■ Directions for this task
Repeat the listing below exactly.

##### Records to use

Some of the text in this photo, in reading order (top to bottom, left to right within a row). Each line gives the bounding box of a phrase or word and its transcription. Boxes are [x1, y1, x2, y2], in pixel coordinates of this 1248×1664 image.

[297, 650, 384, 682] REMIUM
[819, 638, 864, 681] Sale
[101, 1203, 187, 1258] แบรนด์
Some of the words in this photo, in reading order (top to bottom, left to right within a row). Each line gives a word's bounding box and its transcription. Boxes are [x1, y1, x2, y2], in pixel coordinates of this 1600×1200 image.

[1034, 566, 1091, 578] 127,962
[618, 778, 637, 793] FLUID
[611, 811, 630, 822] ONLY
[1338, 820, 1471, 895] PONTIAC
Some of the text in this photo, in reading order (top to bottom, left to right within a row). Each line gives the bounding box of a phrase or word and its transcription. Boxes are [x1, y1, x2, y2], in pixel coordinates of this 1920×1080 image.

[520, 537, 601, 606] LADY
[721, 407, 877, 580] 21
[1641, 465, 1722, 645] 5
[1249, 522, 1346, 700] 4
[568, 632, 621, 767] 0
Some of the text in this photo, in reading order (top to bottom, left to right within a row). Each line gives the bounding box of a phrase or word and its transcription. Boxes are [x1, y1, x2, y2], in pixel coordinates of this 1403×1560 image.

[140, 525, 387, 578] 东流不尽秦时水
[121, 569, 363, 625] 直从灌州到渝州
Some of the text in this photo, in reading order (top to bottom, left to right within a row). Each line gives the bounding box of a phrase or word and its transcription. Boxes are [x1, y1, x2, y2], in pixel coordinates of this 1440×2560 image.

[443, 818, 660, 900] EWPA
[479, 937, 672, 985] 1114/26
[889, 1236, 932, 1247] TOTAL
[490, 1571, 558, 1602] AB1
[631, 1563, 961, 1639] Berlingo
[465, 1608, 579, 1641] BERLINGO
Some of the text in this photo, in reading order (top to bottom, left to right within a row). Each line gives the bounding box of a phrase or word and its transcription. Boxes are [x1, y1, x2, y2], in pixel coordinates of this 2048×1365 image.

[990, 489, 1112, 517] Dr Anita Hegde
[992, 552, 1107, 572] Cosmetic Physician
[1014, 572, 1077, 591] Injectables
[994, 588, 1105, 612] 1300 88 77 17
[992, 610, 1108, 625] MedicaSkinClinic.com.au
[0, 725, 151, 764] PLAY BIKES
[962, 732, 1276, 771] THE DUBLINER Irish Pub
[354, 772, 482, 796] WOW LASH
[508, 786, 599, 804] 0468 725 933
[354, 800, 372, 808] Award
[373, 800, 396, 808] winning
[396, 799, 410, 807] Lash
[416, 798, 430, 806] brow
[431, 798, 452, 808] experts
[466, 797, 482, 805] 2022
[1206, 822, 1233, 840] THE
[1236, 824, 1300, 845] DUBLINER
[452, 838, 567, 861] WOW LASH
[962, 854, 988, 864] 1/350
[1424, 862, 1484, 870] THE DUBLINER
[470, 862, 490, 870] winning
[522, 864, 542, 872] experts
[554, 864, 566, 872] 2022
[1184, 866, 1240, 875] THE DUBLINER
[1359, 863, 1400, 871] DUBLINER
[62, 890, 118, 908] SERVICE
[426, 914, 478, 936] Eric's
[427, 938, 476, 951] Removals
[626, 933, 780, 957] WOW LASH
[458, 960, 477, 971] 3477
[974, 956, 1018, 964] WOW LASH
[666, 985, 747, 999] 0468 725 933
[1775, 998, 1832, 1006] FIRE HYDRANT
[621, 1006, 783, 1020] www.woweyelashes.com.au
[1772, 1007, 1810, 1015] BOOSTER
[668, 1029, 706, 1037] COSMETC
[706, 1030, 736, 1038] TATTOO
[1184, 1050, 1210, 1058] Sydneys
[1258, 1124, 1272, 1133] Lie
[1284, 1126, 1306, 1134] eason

##########

■ Answer box
Some of the text in this photo, in reading order (top to bottom, left to right within a row). Each line gives the bounding box of a phrase or word and its transcription. Boxes are [x1, y1, x2, y2], in pixel coordinates of this 1248×1664 image.

[297, 650, 384, 682] REMIUM
[819, 638, 864, 681] Sale
[101, 1203, 187, 1258] แบรนด์
Some of the words in this photo, in reading order (top to bottom, left to right within a row). Each line gives a word's bounding box and its transcription. Boxes are [x1, y1, x2, y2], in pixel coordinates of this 1600×1200 image.

[1034, 566, 1091, 578] 127,962
[618, 778, 637, 793] FLUID
[611, 811, 630, 822] ONLY
[1338, 820, 1471, 895] PONTIAC
Some of the text in this photo, in reading order (top to bottom, left to right within a row). Each line gives the bounding box of a phrase or word and its transcription. Boxes are [x1, y1, x2, y2], in pixel coordinates of this 1920×1080 image.

[520, 537, 601, 606] LADY
[721, 407, 877, 580] 21
[1641, 465, 1722, 645] 5
[1249, 522, 1346, 700] 4
[568, 632, 621, 767] 0
Some of the text in this photo, in reading order (top to bottom, left to right within a row). Each line gives the bounding box of a phrase or word and its transcription. Boxes are [x1, y1, x2, y2], in pixel coordinates of this 1403×1560 image.

[140, 525, 387, 578] 东流不尽秦时水
[121, 569, 363, 625] 直从灌州到渝州
Some of the text in this photo, in reading order (top to bottom, left to right within a row). Each line gives the bounding box of a phrase or word and its transcription. Boxes are [x1, y1, x2, y2], in pixel coordinates of this 1440×2560 image.

[443, 818, 660, 900] EWPA
[479, 937, 672, 985] 1114/26
[889, 1236, 932, 1247] TOTAL
[490, 1571, 558, 1602] AB1
[631, 1563, 961, 1639] Berlingo
[465, 1608, 579, 1641] BERLINGO
Some of the text in this photo, in reading order (top to bottom, left to right within a row). Each line gives the bounding box of a phrase or word and its transcription. Boxes are [x1, y1, x2, y2], in pixel coordinates of this 2048×1365 image.

[990, 489, 1112, 517] Dr Anita Hegde
[992, 552, 1107, 572] Cosmetic Physician
[1014, 572, 1077, 591] Injectables
[994, 588, 1105, 612] 1300 88 77 17
[992, 610, 1108, 625] MedicaSkinClinic.com.au
[0, 725, 151, 764] PLAY BIKES
[962, 732, 1276, 771] THE DUBLINER Irish Pub
[354, 772, 482, 796] WOW LASH
[508, 786, 599, 804] 0468 725 933
[354, 800, 372, 808] Award
[373, 800, 396, 808] winning
[396, 799, 410, 807] Lash
[416, 798, 430, 806] brow
[431, 798, 452, 808] experts
[466, 797, 482, 805] 2022
[1206, 822, 1233, 840] THE
[1236, 824, 1300, 845] DUBLINER
[452, 838, 567, 861] WOW LASH
[962, 854, 988, 864] 1/350
[1424, 862, 1484, 870] THE DUBLINER
[470, 862, 490, 870] winning
[522, 864, 542, 872] experts
[554, 864, 566, 872] 2022
[1184, 866, 1240, 875] THE DUBLINER
[1359, 863, 1400, 871] DUBLINER
[62, 890, 118, 908] SERVICE
[426, 914, 478, 936] Eric's
[427, 938, 476, 951] Removals
[626, 933, 780, 957] WOW LASH
[458, 960, 477, 971] 3477
[974, 956, 1018, 964] WOW LASH
[666, 985, 747, 999] 0468 725 933
[1775, 998, 1832, 1006] FIRE HYDRANT
[621, 1006, 783, 1020] www.woweyelashes.com.au
[1772, 1007, 1810, 1015] BOOSTER
[668, 1029, 706, 1037] COSMETC
[706, 1030, 736, 1038] TATTOO
[1184, 1050, 1210, 1058] Sydneys
[1258, 1124, 1272, 1133] Lie
[1284, 1126, 1306, 1134] eason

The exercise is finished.